Impactos no cérebro e no desenvolvimento
Segundo os especialistas presentes ao painel “Vícios Digitais”, do 10º Congresso Internacional Freemind, crianças expostas às telas podem sofrer impactos neurobiológicos importantes, além de prejuízos ao desenvolvimento de áreas como a criatividade e controle da impulsividade, em um cérebro que ainda não está totalmente formado.
“As brincadeiras lúdicas que a gente tinha antigamente, com contato físico, estimulam a criatividade, a coordenação motora, a percepção de estímulos do ambiente. Havia também o ócio, que ativa importantes áreas do nosso cérebro e permite desenvolver a saúde emocional”, alerta a Dra. Julia Khoury, psiquiatra e membro titular da Associação Brasileira de Psiquiatria. “Quando a gente está em ócio, o que a gente faz? Pega o celular e inunda o cérebro com estímulos. A gente não está se permitindo entrar em ócio verdadeiro, que é saudável para adultos e crianças”, alerta Khoury.
Restrições nas escolas: avanços e limites
Atualmente, muitos países vêm impondo restrições ao uso de celulares no ambiente escolar, com alguns resultados positivos observáveis. No entanto, dados do PISA, de 2022, apontaram queda de performance em países que implantaram restrição total que podem indicar uma relação de causa e efeito.

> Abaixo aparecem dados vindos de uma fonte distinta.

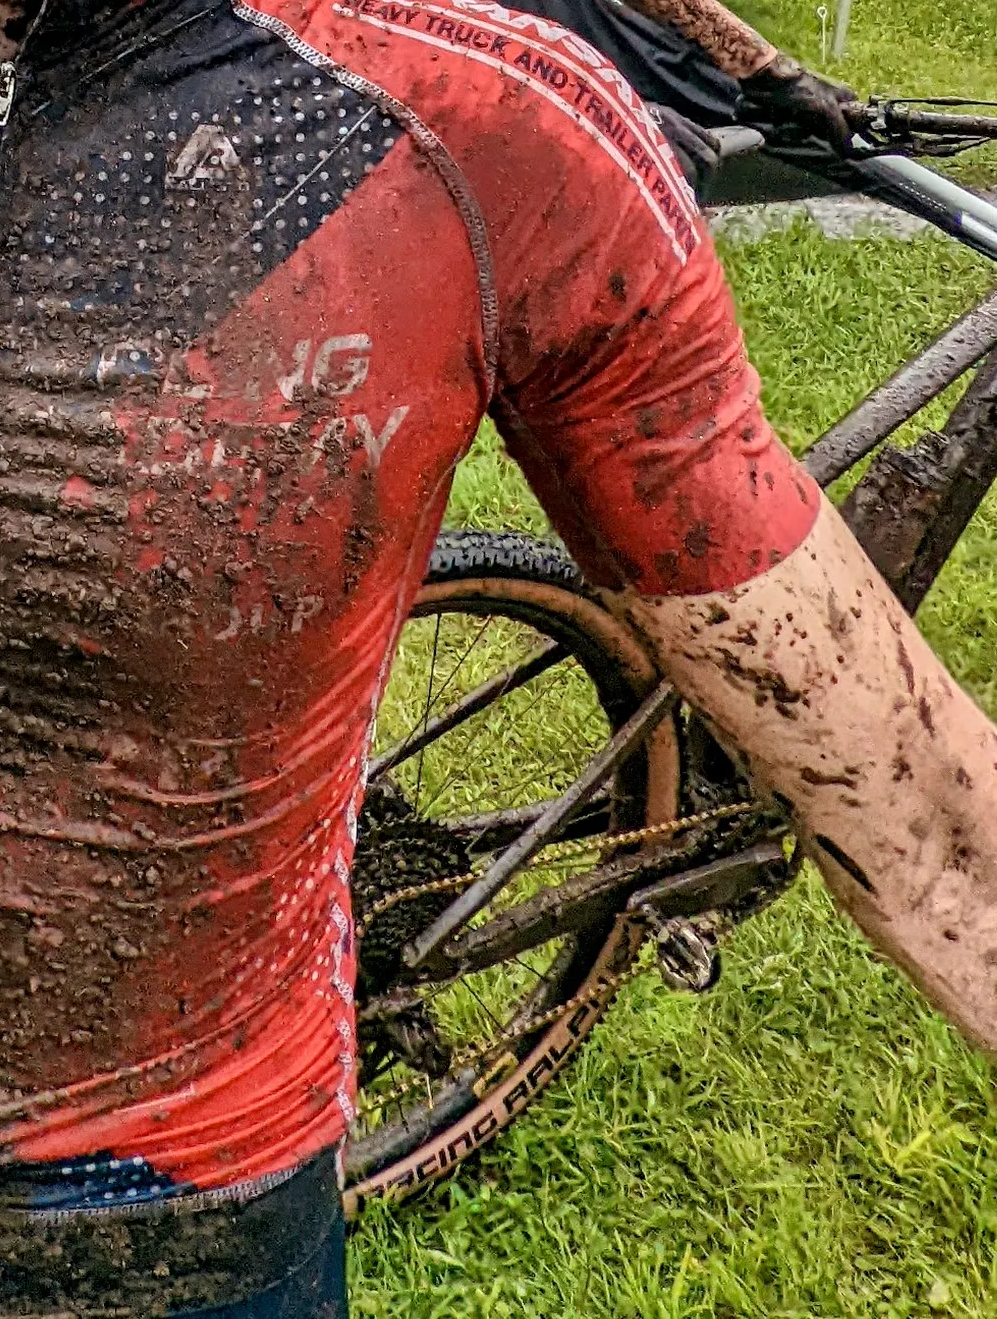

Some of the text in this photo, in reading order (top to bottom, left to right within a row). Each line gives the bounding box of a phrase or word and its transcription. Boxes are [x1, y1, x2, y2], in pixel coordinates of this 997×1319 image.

Segundo o Dr. Leonardo Carriço, colaborador do PROAMITI – Instituto de Psiquiatria da USP, há desafios claros que exigem o aperfeiçoamento das políticas públicas, o maior diálogo intersetorial, aplicação de normas de uso consciente, criação de ambientes estimulantes que não dependam do uso de smartphones, um currículo de educação digital eficiente e o envolvimento das famílias no processo, para que o equilíbrio no uso dos smartphones (vicio digital) também ocorra em casa.